Über die wenig überzeugenden wissenschaftlichen Leistungen Löhrs vor seiner Berufung nach Kiel gibt die Stellungnahme der Kieler Fakultät zu Löhr im Rahmen des Berufungsverfahrens zur Nachfolge Schittenhelms deutliche Hinweise. Dabei muss diese Quelle im Lichte der Umstände gelesen werden: Die Fakultät wollte Löhr als Nachfolger Schittenhelms nicht, konnte diese Tatsache aber nur behutsam zum Ausdruck bringen, da Löhr Favorit des "Braunen Hauses" in München war und Dekan Robert Schröder als nationalsozialistischer Dekan im Prinzip verpflichtet gewesen wäre, den Parteigenossen zu unterstützen. Zu seiner Person heißt es dort: "Herr Löhr war bei den Kollegen, die ihn hier noch kennen gelernt haben, wegen seiner persönlichen Eigenschaften sehr beliebt. Seine Persönlichkeit hat entschieden etwas stark Imponierendes. [...] Er ist auch ein geschickter Redner. Über sein Lehrtalent hat die Fakultät aus eigener Anschauung kein Urteil, weil er sofort nach seiner Habilitation Kiel verlassen hat. Von verschiedenen Seiten wurde berichtet, dass die ärztlichen Demonstrationsabende in Bethel geschätzt seien und gut besucht würden und dass Herr Löhr ebenso die Kurse für Hilfspersonal mit großem Erfolg zu leiten verstand. Bei wissenschaftlichen Sitzungen spricht er gut und eindrucksvoll. Zusammenfassend läßt sich sagen, dass Herr Löhr zweifellos ein ausgezeichneter Krankenhausdirektor, ein guter Organisator und guter Arzt ist."(20) Die Fakultät machte vorsichtig deutlich, dass Löhr wohl bei "Hilfspersonal", nicht aber als Dozent an der Universität Lehrerfahrung vorzuweisen hat, die Beschreibung seiner Persönlichkeit als einer, die "etwas stark Imponierendes" aufzuweisen hat, erscheint im Kontext mit anderen Quellen und Informationen ein Hinweis auf seine cholerische Persönlichkeit.

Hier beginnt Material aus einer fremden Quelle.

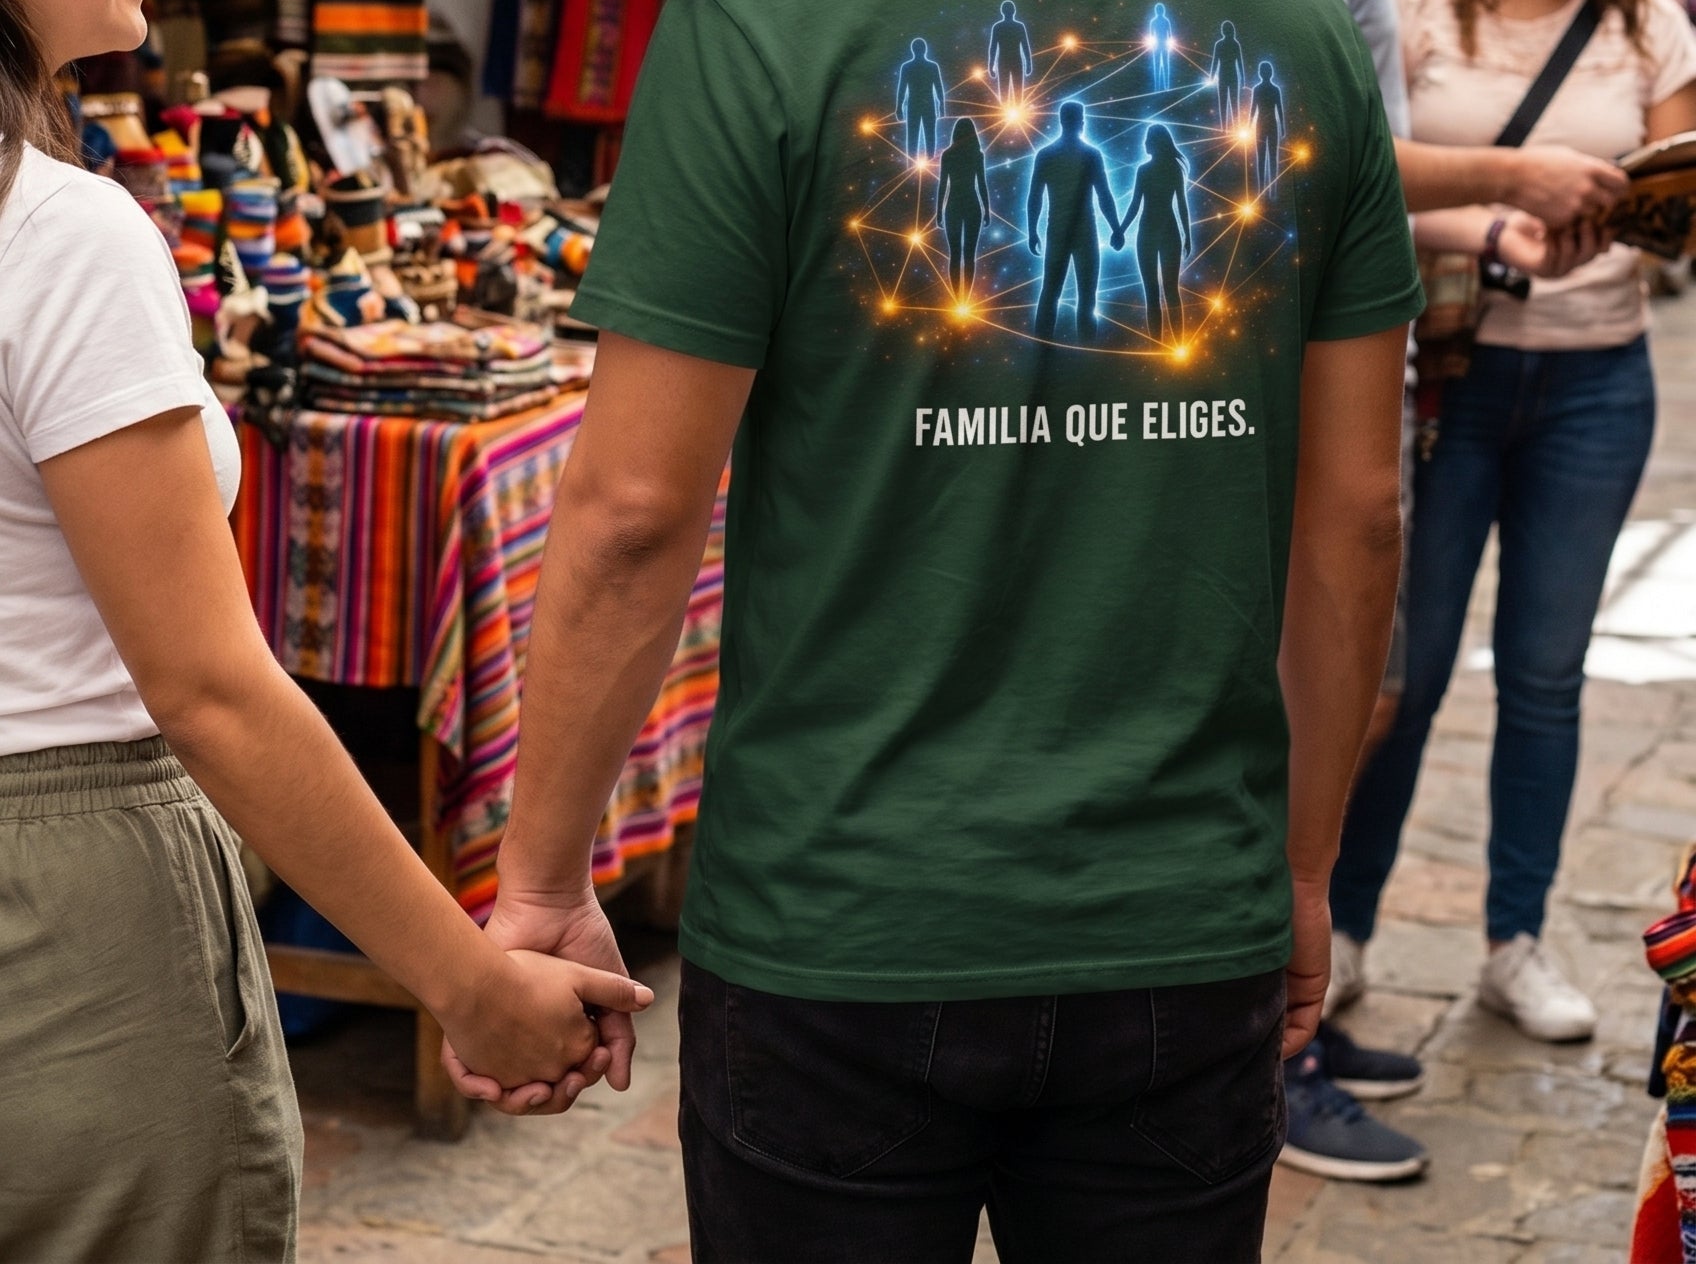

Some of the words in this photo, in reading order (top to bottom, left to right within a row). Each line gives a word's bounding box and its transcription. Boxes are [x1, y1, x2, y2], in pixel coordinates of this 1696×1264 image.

Ein erhaltener Brief von Löhr an seinen in Frankreich als Soldat dienenden Assistenten Hilmar Wilmanns, den Sohn seines ehemaligen Chefs Richard Wilmanns, aus dem September 1940 gibt tiefe Einblicke in seine Persönlichkeit. Hinter der Maske der Jovialität, Kameraderie und Verbundenheit mit der eigenen Familie und Freunden zeigt sich die unvorstellbare Härte und Herzlosigkeit des Nationalsozialisten. Löhr schreibt: "Ich habe gestern gelegentlich des 60. Geburtstages Deines Vaters mit diesem telefoniert und nur gute Nachrichten bekommen. Für Bethel ist die Fliegerbombardierung eine Riesenreklame. [...] [N]un aber hat Gott der Herr zwölf epileptische Kinder getötet, deren Tod an und für sich keinen Verlust bedeutet. Leider ist dabei auch eine Schwester zugrunde gegangen. [...] Gott sei Dank ist nicht der allgemeine Friedhof Bethels getroffen worden, also auch nicht die Gräber meiner Schwiegereltern, sondern der sog. Brüderfriedhof. Die Leichensteine sind hunderte Meter bis über Nebo hinausgeflogen."(21) Jeglicher vielleicht noch vorhandene Zweifel an der Engstirnigkeit dieses der nationalsozialistischen Ideologie verfallenen Medizinprofessors wird durch die zynische Kommentierung des Unglücks der Kinder beseitigt. Und mehr noch: Die ganze Anomalität der nationalsozialistischen Ideologie mit den schon zum Zeitpunkt des Briefes vollbrachten zehntausendfachen Morden an kranken Kindern wird durch diese Zeilen deutlich, in denen Gräber von Angehörigen wichtiger sind als unschuldige Kinder, die zu Opfern eines unbarmherzigen Krieges geworden sind. Hier wird noch einmal offensichtlich: Löhr verschrieb sich dem Regime mit ganzem Herzen und unterstützte nicht nur seine programmatische "Blut und Boden"-Ideologie, sondern weitergehend auch Krankenmord und "Ausmerze". Von dieser Auffassung bis hin zum Massengenozid der Einsatzgruppen des Sicherheitsdienstes der SS (SD) in den besetzten Gebieten der Sowjetunion sowie den Tötungsfabriken der SS im Osten war es dann nur noch ein kurzer Weg, den Löhr aufgrund seines Alters, seiner Krankheit und seines frühen Todes physisch jedoch nicht gehen musste.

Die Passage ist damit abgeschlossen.